The snails are three days old, or around that age (time I got plants). I have on amazon sword with a root tab under it, two anubias, an unk plant, a marimo ball, a clump of java fern, and four not-so-healthy anacharis stems. The fern has produced shoots, the anubias has a pale new growth but with no deforming yet (I've seen it responding to the light), and the shoot is reaching into the gravel. the unk plant is showing signs of damage (the rep at petco SMASHED it into the bag) with cracks and losing green in its cells, but no dying or rotting, and new growth is being produced by a small offshoot that existed with the bought plant. The anacharis is the only plant with a decent amount of rotting. It looks like it is shock related, but I am monitoring the light response as well. It doesnt reach for light, which is worrying me into believing I am not producing enough light for it. It maintains healthy heads while older growth has melted away at the tips. It is not melting uniformly, which to me implies it is not failing completely, and i am monitoring the rate of the growth with a couple of shoots that already existed on the anacharis when I bought it.

I have not tested my water, because the test is in the mail. It's made it to my town already, so hopefully tomorrow I will have valuable data to infer more. Neither Petco or lfs had any :| I have changed the water three times since it was set up tuesday. Once I have the tests, I am sure I will be able to understand more clearly the problem, but I do want to make sure I have as much info as possible. Am I taking the correct steps so far?
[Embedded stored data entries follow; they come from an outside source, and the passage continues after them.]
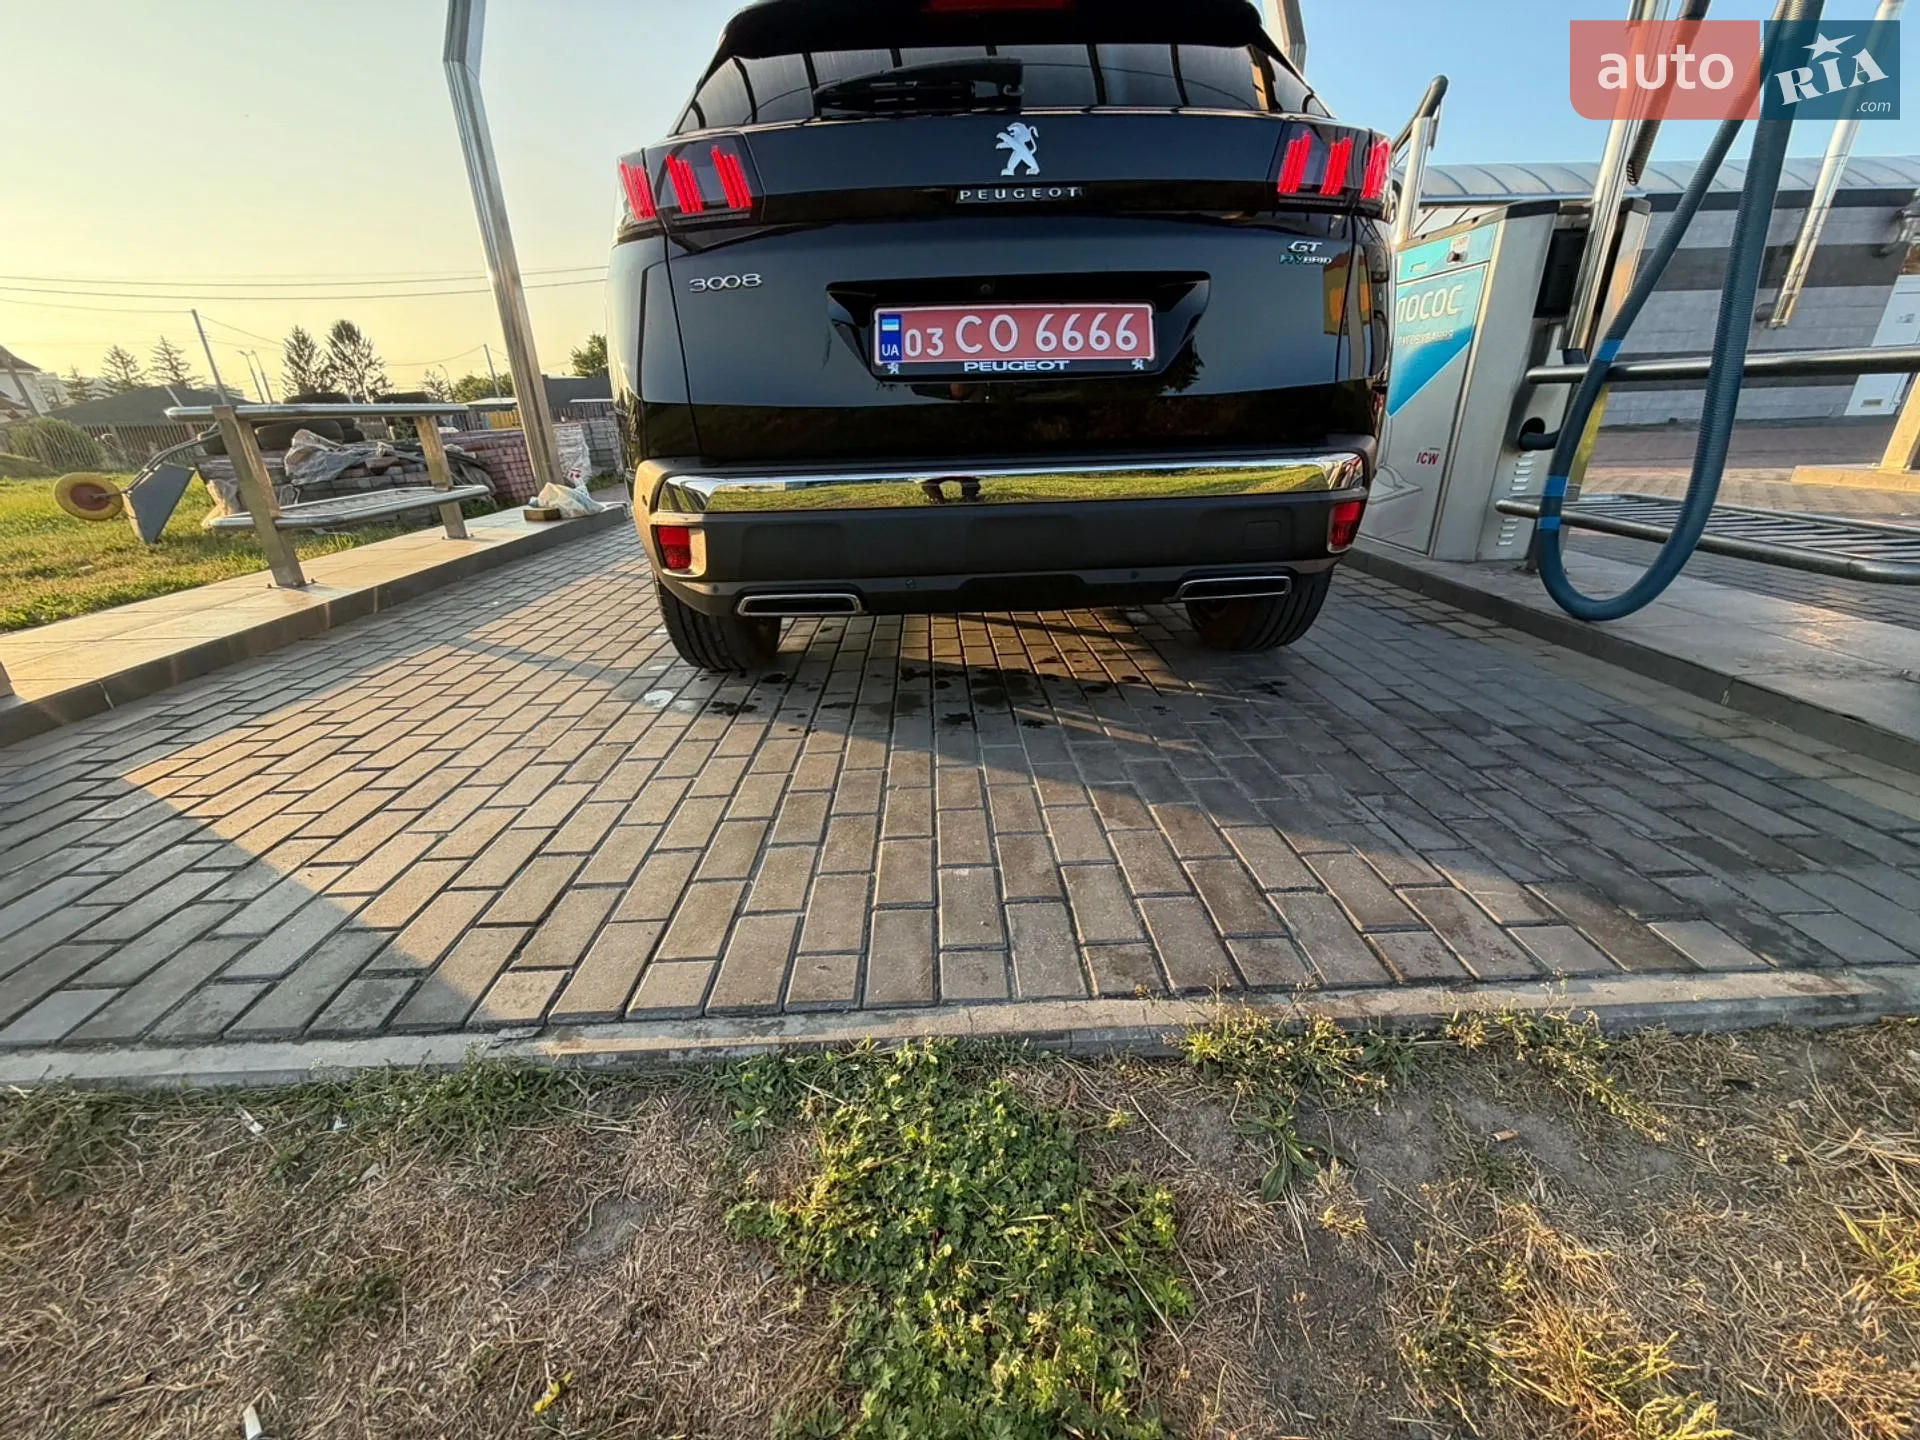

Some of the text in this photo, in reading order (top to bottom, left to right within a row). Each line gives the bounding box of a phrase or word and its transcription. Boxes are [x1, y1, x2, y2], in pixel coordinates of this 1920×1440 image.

[959, 186, 1080, 200] PEUGEOT
[1288, 241, 1323, 252] GT
[688, 273, 763, 292] 3008
[904, 312, 1138, 357] 03 CO 6666
[881, 343, 900, 356] UA
[963, 360, 1070, 372] PEUGEOT
[1416, 452, 1439, 465] ICW
Should I be sucking up the decayed food meticulously or is it necessary to let it rot in order to help the cycle along? When I've changed the water, some old food floats up and I see it has what looks like fungus hairs on it, like you get in the fridge on produce. Info dump as much as you want. This site has become a ridiculously good source of guidance to me. I love nothing more than to listen to all you independent scientists share data. And I'd really like my snails to stop dying. They are very nice to watch grow.
(as an aside, anyone with hard water compare snails to soft water-raised snails in terms of their growth rate? point me in the direction of that threat ).
Thank you for very much.
 

mattgirl

Welcome to Fishlore I am happy to see you have come out of lurkdom

Since this is a fishless cycle water changes won't have to be done as often as they would if there were fishes lives at stake. We can't actually see the bacteria we are growing so I'm not sure what you are seeing on your sponges. Probably just a thick layer of bio-film.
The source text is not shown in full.